That is in fact the case.

There’s a fair resistance in IEEE 802.1 for optimistically adding support for cryptographic algorithms that are not actually likely to be implemented. This is due to the h/w cost of a device potentially having to implement each algorithm, which is a consideration we don’t often make when defining IANA namespaces for IETF protocols.  In the case of IEEE 802.1AR, we’re also expecting an uptick in support for device types used in multi-vendor environments. For example, see the ANIMA Bootstrapping (“BRSKI”) protocol, <https://tools.ietf.org/html/draft-ietf-anima-bootstrapping-keyinfra-03>), which is a zero-touch method enabling authorizing devices with an IEEE 802.1AR DevID sourced from a variety of manufacturers.

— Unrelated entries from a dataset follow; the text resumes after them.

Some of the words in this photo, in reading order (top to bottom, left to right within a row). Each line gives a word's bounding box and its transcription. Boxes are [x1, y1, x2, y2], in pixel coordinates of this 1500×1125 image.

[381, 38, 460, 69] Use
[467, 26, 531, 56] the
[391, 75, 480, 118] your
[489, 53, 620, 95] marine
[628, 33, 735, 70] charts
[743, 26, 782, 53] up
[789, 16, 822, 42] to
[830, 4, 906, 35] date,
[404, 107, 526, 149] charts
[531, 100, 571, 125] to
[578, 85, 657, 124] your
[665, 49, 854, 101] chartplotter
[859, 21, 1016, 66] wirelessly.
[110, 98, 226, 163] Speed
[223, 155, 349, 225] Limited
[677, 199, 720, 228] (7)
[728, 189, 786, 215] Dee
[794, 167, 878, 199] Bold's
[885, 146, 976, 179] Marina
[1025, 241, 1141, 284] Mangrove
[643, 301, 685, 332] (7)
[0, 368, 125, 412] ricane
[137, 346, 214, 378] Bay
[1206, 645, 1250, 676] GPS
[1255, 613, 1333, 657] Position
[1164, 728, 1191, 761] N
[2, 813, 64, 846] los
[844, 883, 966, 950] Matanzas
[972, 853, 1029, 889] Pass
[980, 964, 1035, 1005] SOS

One would not like to require a small single purpose device using this protocol to support a large set of public key validation methods in h/w because IEEE 802.1AR supported a large variety of algorithms. That would be a worry for this working group.

As I think was noted earlier in this threat, the current draft of P802.1ARce does make it easier to add new signature “cipher suites”, so at such time as there is a constituency needing 25519 (or other) curve the process for adding it should be straightforward.

Hope that helps,
Brian

> 
>> 
>> I agree with the sentiment on new curves and deterministic and RNGs, but
>> that can be in an amendment.
> 
> Again, I'd argue deterministic should be included (and be the
> default) unless "meets Suite-B needs" is more important than
> security, in which case being explicit about that is wise really.

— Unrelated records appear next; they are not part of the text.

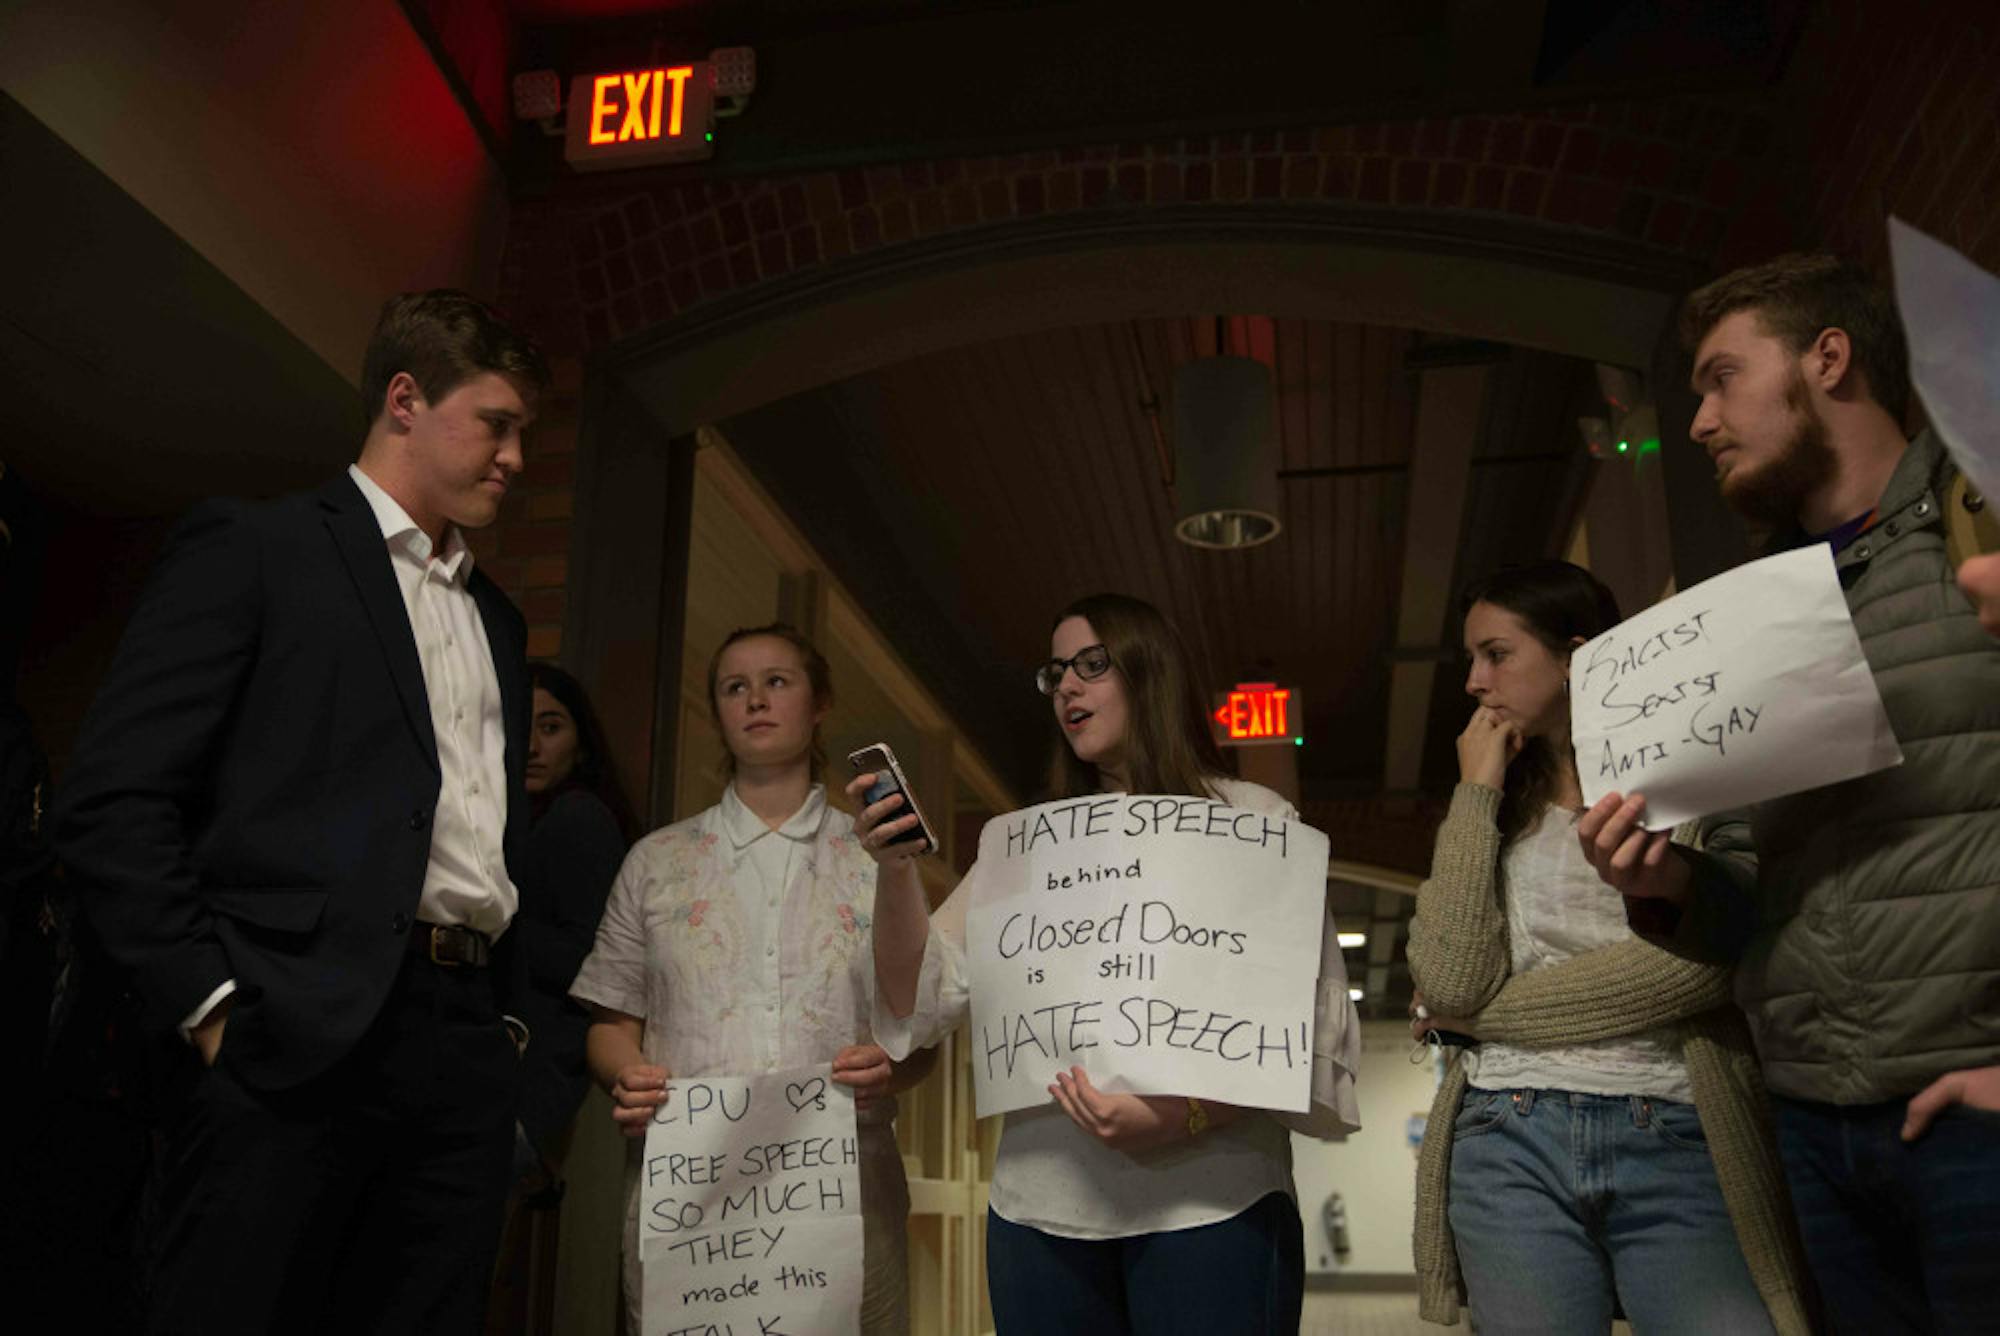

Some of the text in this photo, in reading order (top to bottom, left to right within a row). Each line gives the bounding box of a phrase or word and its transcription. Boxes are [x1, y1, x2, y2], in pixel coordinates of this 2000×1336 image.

[590, 65, 693, 145] EXIT
[1228, 688, 1290, 738] EXIT
[1006, 799, 1288, 858] HATE SPEECH
[1047, 858, 1142, 891] behind
[999, 901, 1247, 959] Closed Doors
[1027, 952, 1155, 984] is still
[983, 997, 1308, 1080] HATE SPEECH!
[647, 1137, 857, 1188] FREE SPEECH
[648, 1178, 844, 1233] SO MUCH
[668, 1226, 785, 1265] THEY
[682, 1265, 827, 1305] made this
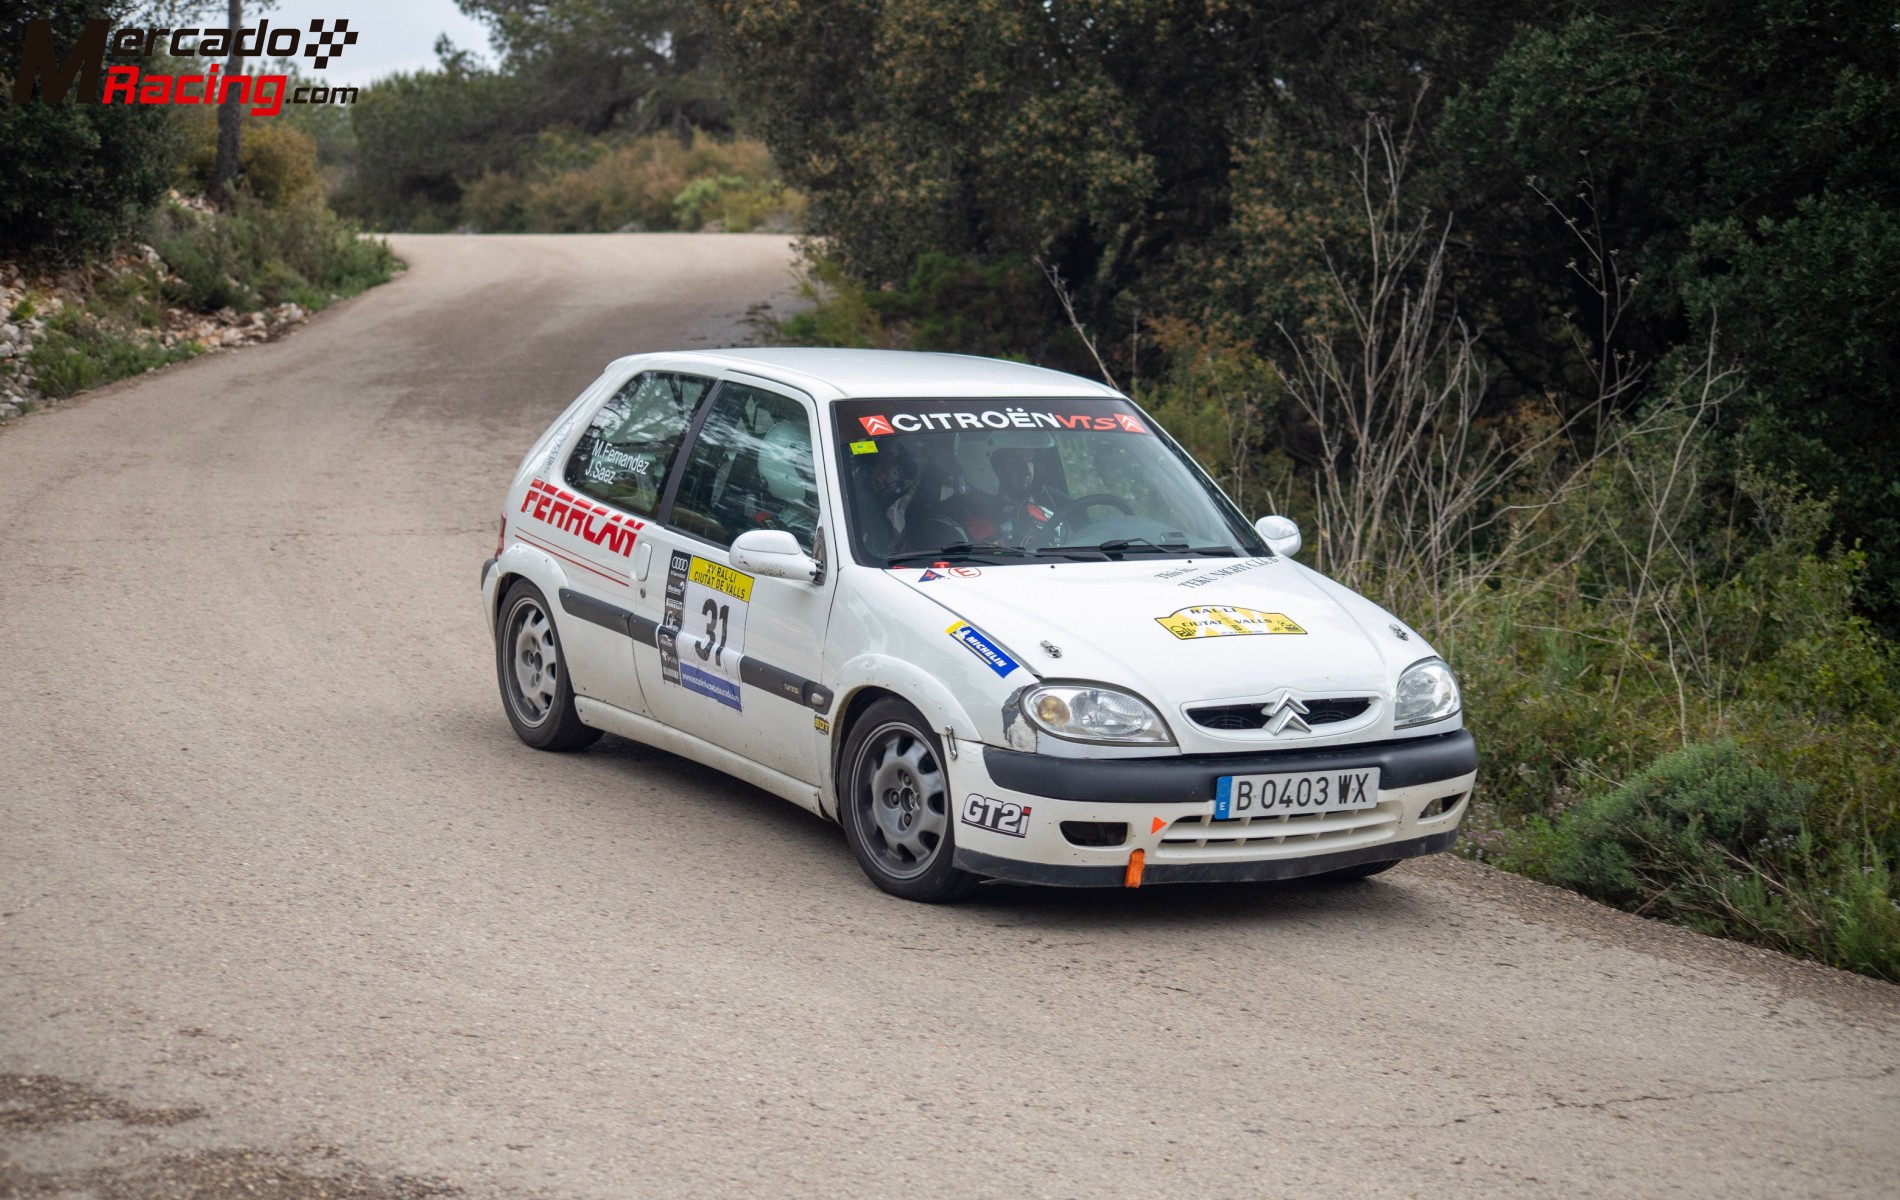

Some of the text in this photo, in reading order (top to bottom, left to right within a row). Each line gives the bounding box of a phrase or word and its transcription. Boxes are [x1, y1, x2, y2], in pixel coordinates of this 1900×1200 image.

[694, 571, 745, 599] CIUTAT DE VALLS
[695, 598, 729, 667] 31
[966, 636, 1007, 667] MICHELIN
[1219, 801, 1226, 811] E
[1236, 773, 1369, 811] B 0403 WX
[961, 792, 1032, 835] GT2i

> Either position can be reasonable but those who do not need
> Suite-B would I'm sure appreciate knowing what's what if they
> are encouraged to support this.
> 
>> Should be fairly easy for someone to look
>> at our existing draft and come up with the couple of pages to add the
>> required text and a proposal to do that and argue that specific case.

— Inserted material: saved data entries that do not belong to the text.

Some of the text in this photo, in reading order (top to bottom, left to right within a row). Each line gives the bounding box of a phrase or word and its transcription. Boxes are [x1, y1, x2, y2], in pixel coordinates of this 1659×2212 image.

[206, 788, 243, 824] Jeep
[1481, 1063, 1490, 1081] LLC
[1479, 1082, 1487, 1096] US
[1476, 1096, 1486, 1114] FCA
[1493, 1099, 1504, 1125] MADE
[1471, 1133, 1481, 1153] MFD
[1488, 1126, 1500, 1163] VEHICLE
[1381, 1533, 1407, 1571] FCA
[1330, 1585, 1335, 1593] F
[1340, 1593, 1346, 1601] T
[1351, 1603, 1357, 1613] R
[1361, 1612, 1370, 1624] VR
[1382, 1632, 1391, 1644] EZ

>> Where I do not want to be with this project is refereeing a three
>> cornered fight between the proponents of adding various other curves,
>> those that want to minimize the number of curves for interoperability,
>> and those still waiting for  the initial amendment to complete. There
>> was a fair amount of proposed hostage taking first time round. Each
>> specific curve proposal should stand or fall purely on its own merits,
>> and that means taking them as separate items of projects and ruling out
>> on-going horse-trading.
> 
> Yeah, CFRG had all the your-curve/my-curve fun a couple of years
> back. But at least for IETF purposes I think that's all sorted
> now and 25519 and 448 plus the legacy NIST curves are the ones,
> and only ones, folks are looking at afaik. (Well, there's one
> organisation who may still be holding out for other curves that
> I can think of, but only one organisation.)
> 
> S.
> 
>> 
>> Mick
>> 
>> 
>> On 10/5/2016 1:21 PM, Stephen Farrell wrote:
>>> Hiya,
>>> 
>>> On 05/10/16 19:14, Mick Seaman wrote:
>>>> Hi Stephen,
>>>> 
>>>> This proposed revision PAR for the existing IEEE Std 802.1AR-2009 will
>>>> replace the amendment PAR P802.1ARce which just added P-384 SHA-384.
>>>> 
>>>> It turned out during the course of that work that the original 802.1AR
>>>> was not constructed in a way that made extensions to new curves easy. It
>>>> had started life very focused on RSA and ECC curves were shoehorned in
>>>> late in the day. Basically taking the form "X is done like this but if
>>>> you are using ECC then ..".
>>> Yeah, we've seen that with IETF protocols too and ended up
>>> re-structuring how we handle ECC in a number of cases. It
>>> was well worth doing as some initial data structures were
>>> far too over-general in ways that encouraged some weaknesses.
>>> 
>>>> This resulted in a much longer project than desirable given the pressing
>>>> need for P-384 SHA-384,
>>> I'm surprised about a pressing need? Unless it's some kind
>>> of suite-B special thing that is. Many folks don't seem to
>>> consider stronger than 128-bit equivalent that interesting
>>> for ECC other than for window dressing (IMO the reason why
>>> we ended up adding Curve448 was just for window dressing as
>>> we knew someone would demand "stronger than that";-)
>>> 
>>>> and much more of a shake up to the document that
>>>> could be justified under an amendment PAR - hence the revision PAR which
>>>> will then be followed by withdrawal of the amendment PAR. That having
>>>> been done it should now be much easier to add new curves (the starting
>>>> point of this project is not a blank sheet or even the existing standard
>>>> but a much updated amendment of the latter). However it would be sad if
>>>> the emergence of new curves further delayed P-384 SHA-384. Having got
>>>> the structured sorted out new curves can be added by an amendment, and
>>>> the process of completing the Revision (as currently) scoped plus the
>>>> addition of a further curve by amendment should not take any longer than
>>>> holding the revision open to add a new curve. It is always quicker to
>>>> take things in bite sized chunks.
>>> I'm totally not following the IEEE minutiae there, but that's ok.
>>> 
>>> You didn't get to deterministic signatures. That's probably more
>>> of a deal than new curves for 802 devices I'd say given how bad
>>> we know folks are at finding good randomness. (That said, if the
>>> main justification here is suite-B then you've no freedom to
>>> improve there anyway so it doesn't matter.)
>>> 
>>> Anyway, if this is a suite-B thing, it'd be better to explicitly
>>> say that. If not, then I'd really strongly recommend deterministic
>>> signatures and then also adding in new curves into the mix explicitly.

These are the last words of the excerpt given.